Please write out every line of the material, leaving out any picture.
BEGIN
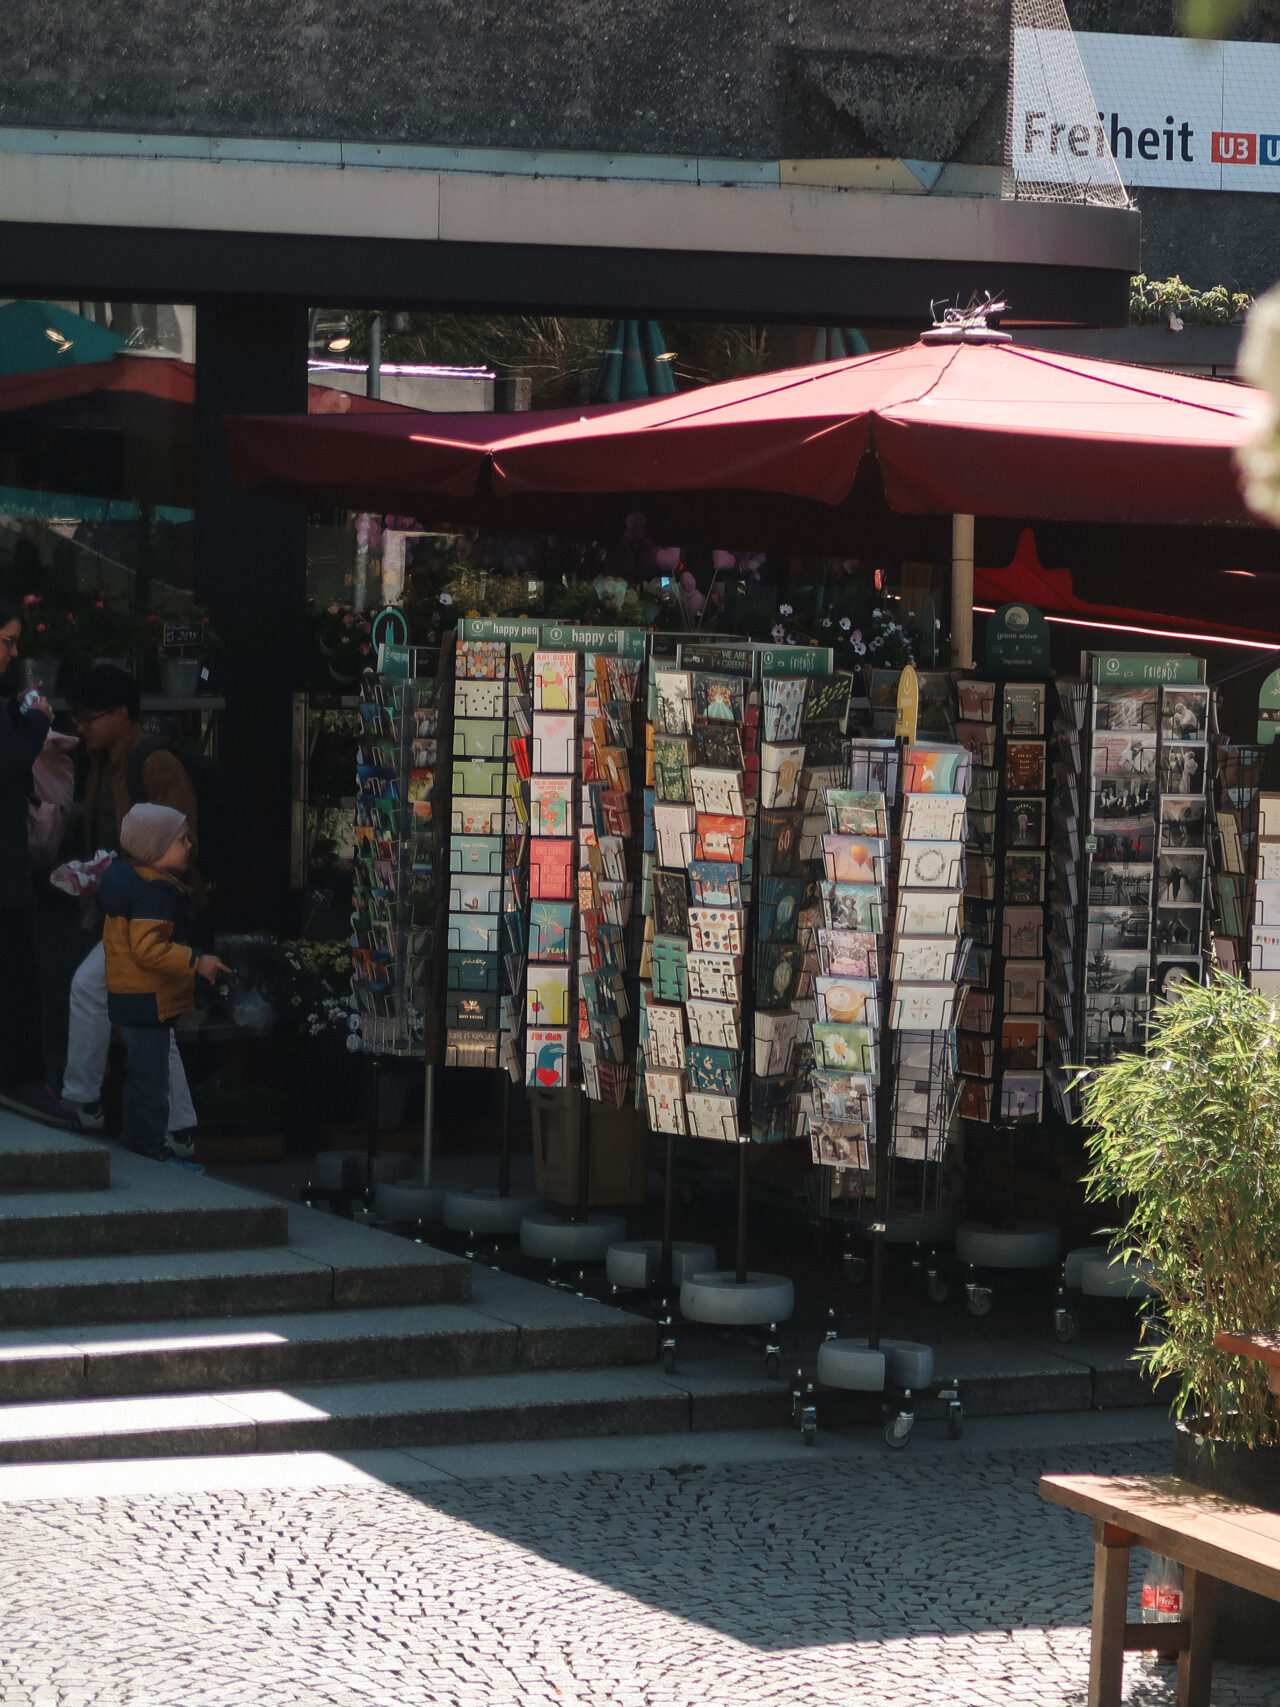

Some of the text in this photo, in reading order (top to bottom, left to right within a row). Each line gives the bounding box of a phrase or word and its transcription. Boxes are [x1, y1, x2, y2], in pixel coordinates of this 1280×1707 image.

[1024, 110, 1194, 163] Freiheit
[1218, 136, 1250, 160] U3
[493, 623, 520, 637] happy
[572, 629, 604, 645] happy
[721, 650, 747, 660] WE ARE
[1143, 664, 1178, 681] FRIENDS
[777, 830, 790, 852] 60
END
RESULT OF THIS TASK:
Some of the text in this photo, in reading order (top to bottom, left to right within a row). Each line gives the bounding box of a phrase or word and its transcription. Boxes are [x1, y1, x2, y2], in pixel coordinates of this 1280×1707 image.

[1024, 110, 1194, 163] Freiheit
[1218, 136, 1250, 160] U3
[493, 623, 520, 637] happy
[572, 629, 604, 645] happy
[721, 650, 747, 660] WE ARE
[1143, 664, 1178, 681] FRIENDS
[777, 830, 790, 852] 60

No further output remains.